- Opening Delimiter -

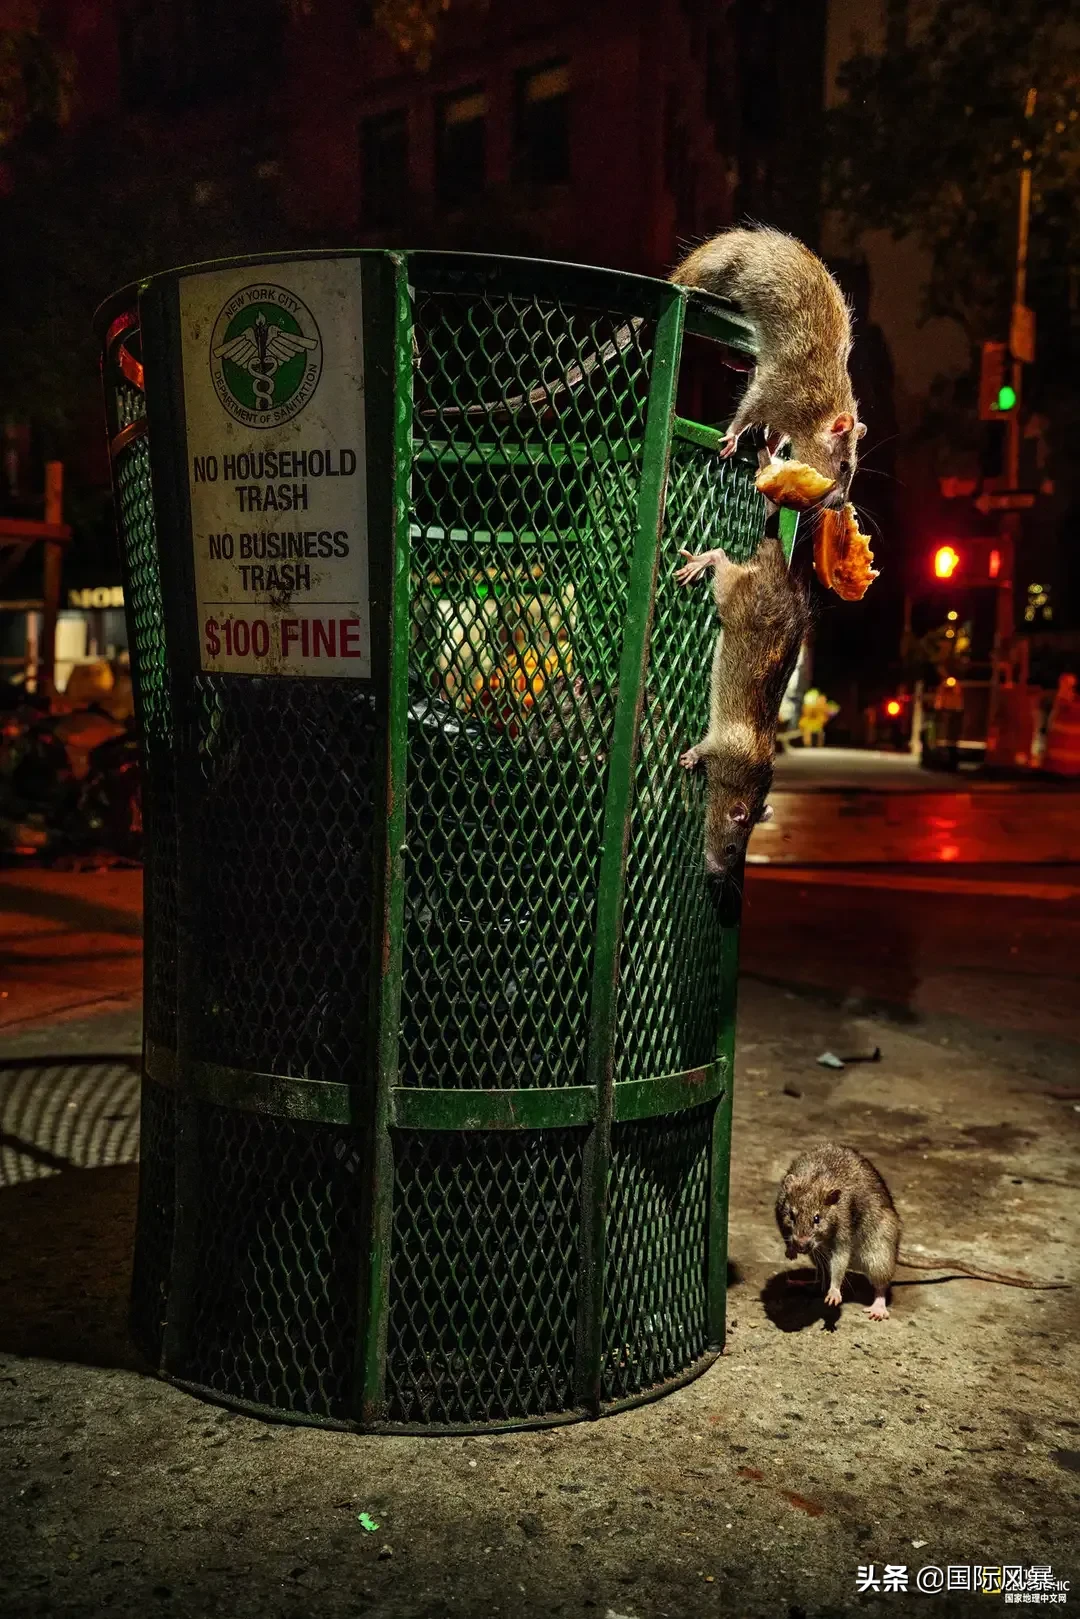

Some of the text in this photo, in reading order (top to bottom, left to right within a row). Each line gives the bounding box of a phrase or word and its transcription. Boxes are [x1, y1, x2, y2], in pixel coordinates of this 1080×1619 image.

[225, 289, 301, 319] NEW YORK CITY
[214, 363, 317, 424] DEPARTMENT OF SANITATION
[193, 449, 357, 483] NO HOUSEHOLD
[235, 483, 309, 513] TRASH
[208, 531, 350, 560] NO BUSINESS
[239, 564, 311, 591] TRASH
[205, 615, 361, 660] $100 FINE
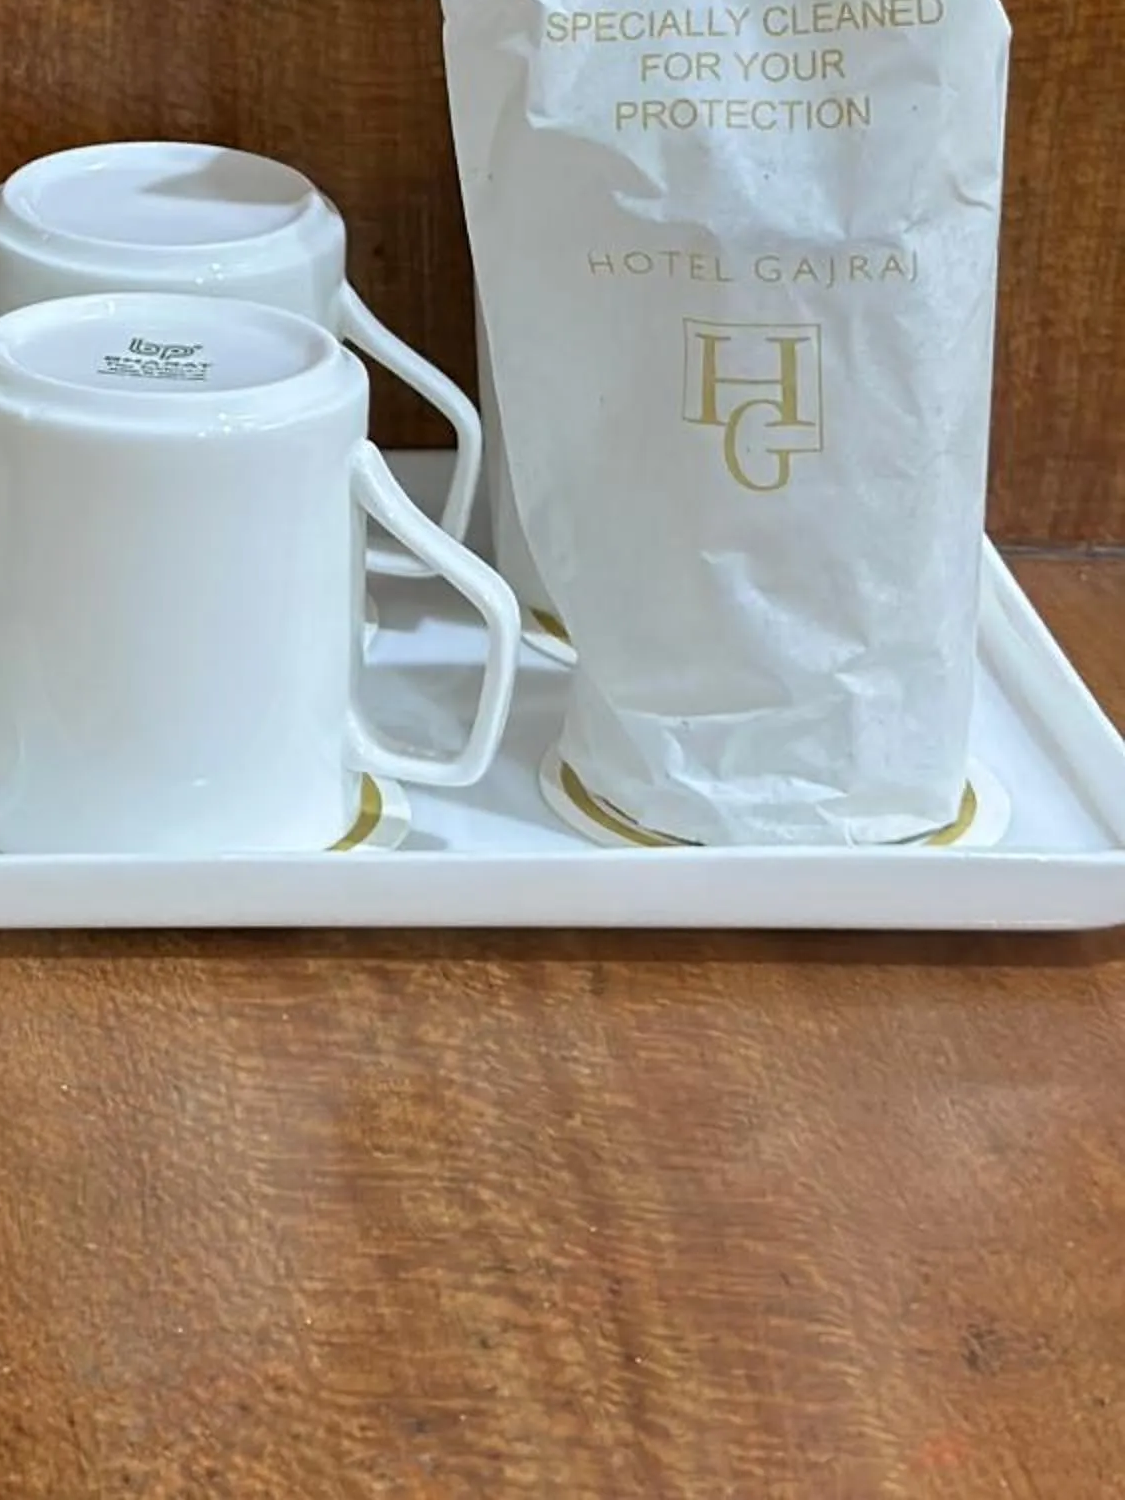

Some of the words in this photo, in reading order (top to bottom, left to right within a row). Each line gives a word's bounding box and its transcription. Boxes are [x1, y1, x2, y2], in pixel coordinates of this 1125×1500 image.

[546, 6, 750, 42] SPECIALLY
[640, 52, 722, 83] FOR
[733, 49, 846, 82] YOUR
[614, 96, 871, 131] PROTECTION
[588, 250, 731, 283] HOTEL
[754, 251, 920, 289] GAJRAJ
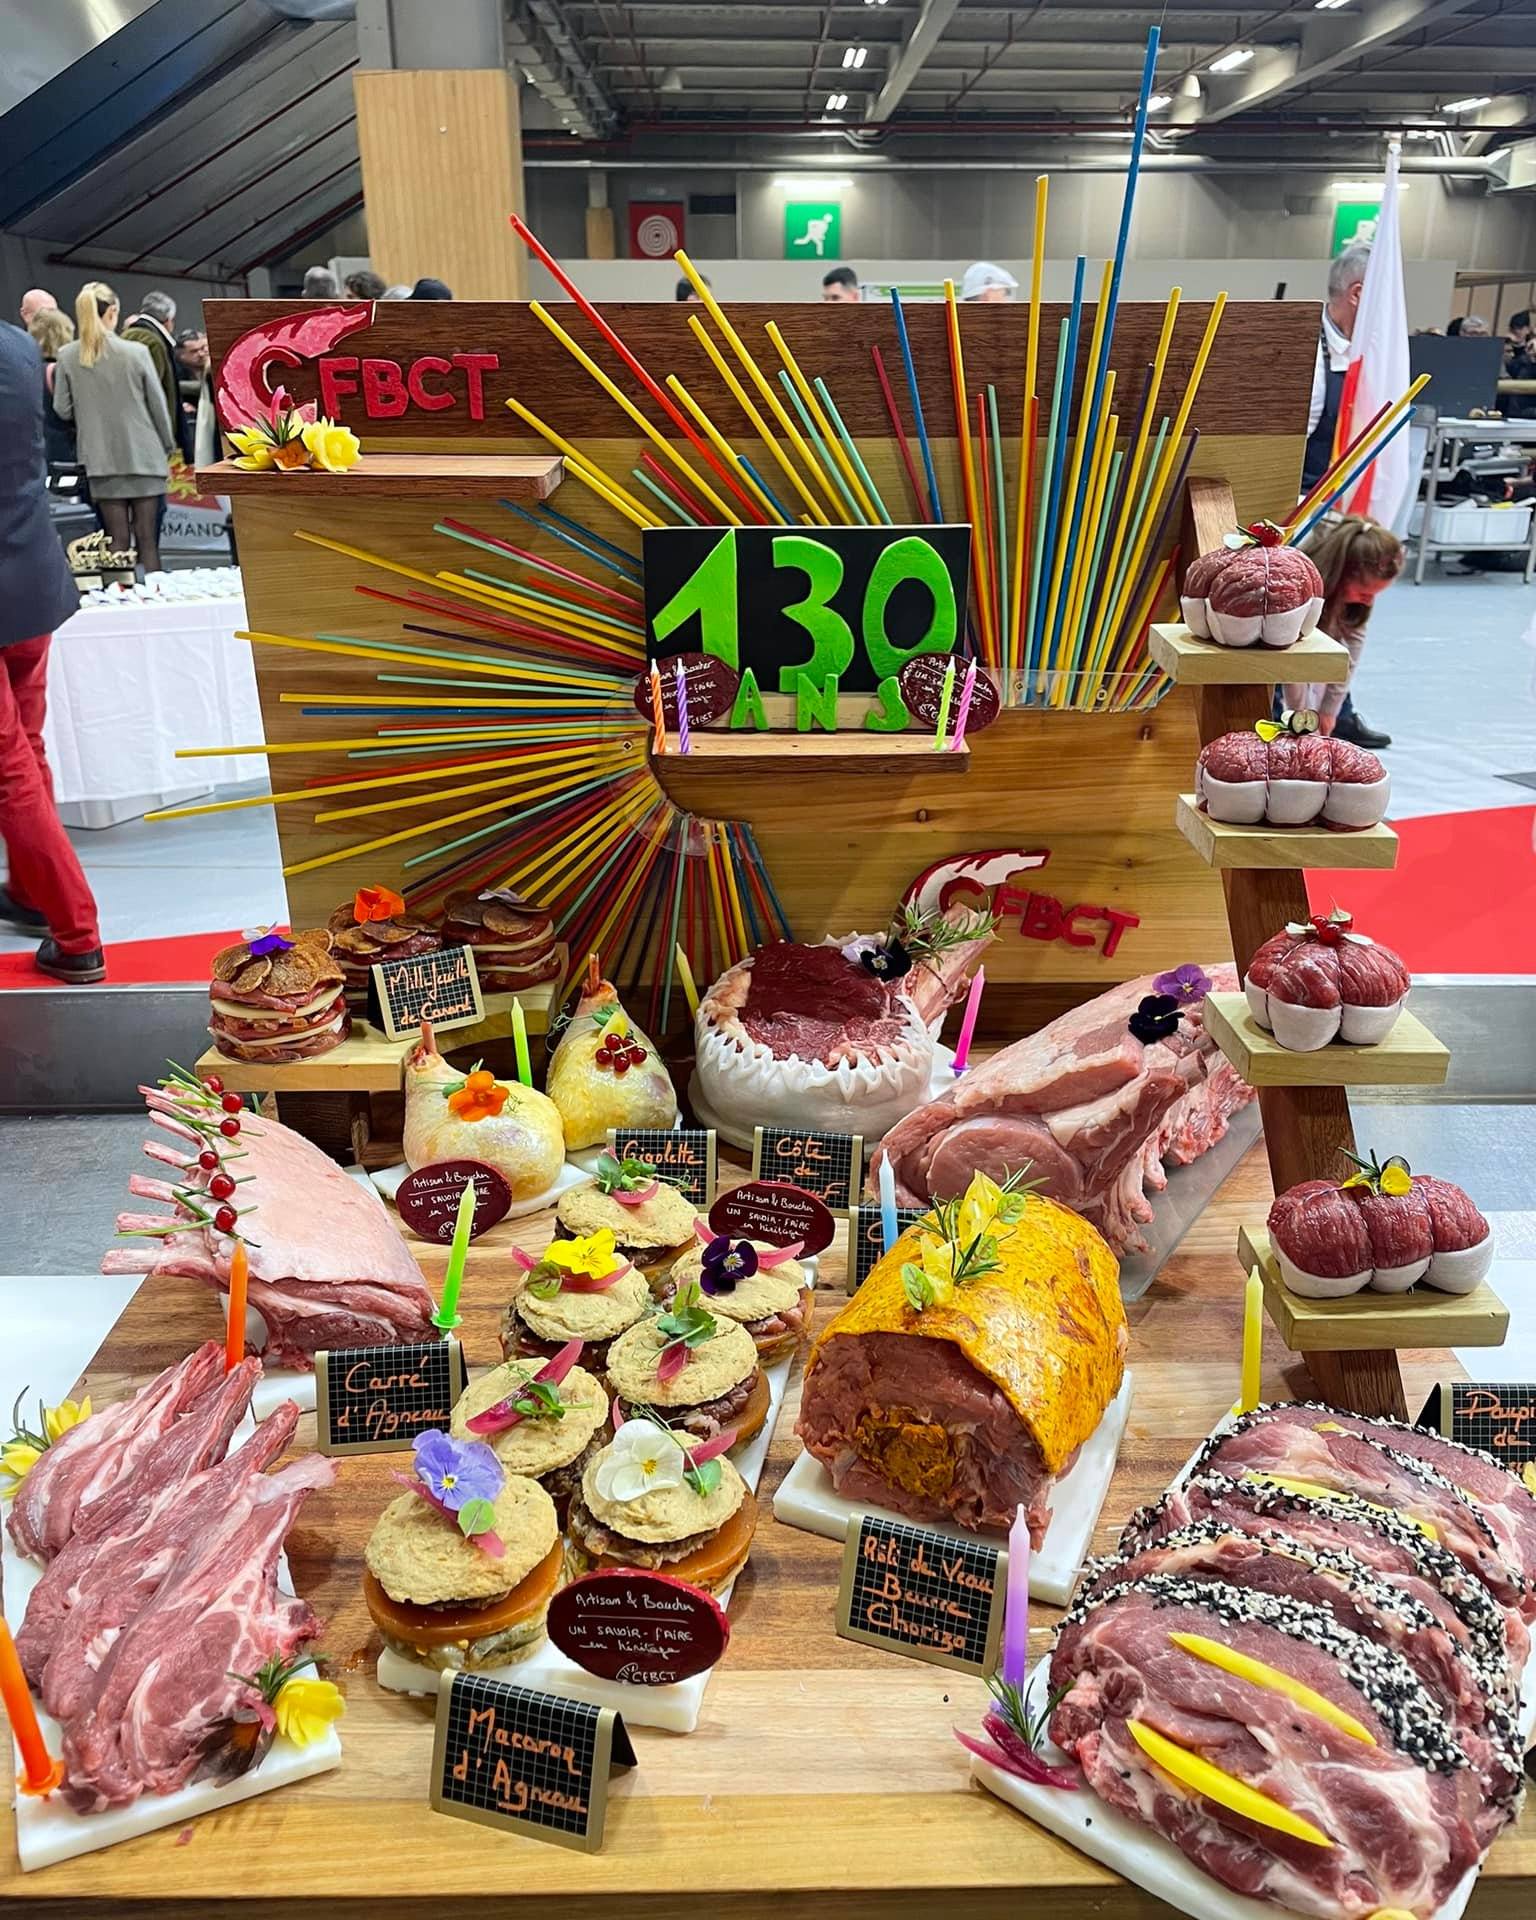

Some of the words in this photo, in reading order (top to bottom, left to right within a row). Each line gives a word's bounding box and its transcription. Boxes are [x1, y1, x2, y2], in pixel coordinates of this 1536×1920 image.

- Closing Delimiter -

Would you write out each entry word for word and omit the images?

Some of the text in this photo, in reading order (top to bottom, left to right within a row). Each line gives the bounding box of a phrase or word and its transcription. Boxes are [x1, y1, x2, y2], in pixel coordinates of this 1080×1619 image.

[225, 289, 301, 319] NEW YORK CITY
[214, 363, 317, 424] DEPARTMENT OF SANITATION
[193, 449, 357, 483] NO HOUSEHOLD
[235, 483, 309, 513] TRASH
[208, 531, 350, 560] NO BUSINESS
[239, 564, 311, 591] TRASH
[205, 615, 361, 660] $100 FINE

Some of the words in this photo, in reading order (top to bottom, left to right within a row). Each line gives a word's bounding box and its transcription. Boxes are [x1, y1, x2, y2], in pixel coordinates of this 1125×1500 image.

[546, 6, 750, 42] SPECIALLY
[640, 52, 722, 83] FOR
[733, 49, 846, 82] YOUR
[614, 96, 871, 131] PROTECTION
[588, 250, 731, 283] HOTEL
[754, 251, 920, 289] GAJRAJ

Some of the words in this photo, in reading order (top to bottom, left to right within a row). Each line gives a word's bounding box and its transcription. Boxes are [x1, y1, x2, y2], in pixel coordinates of this 1536×1920 image.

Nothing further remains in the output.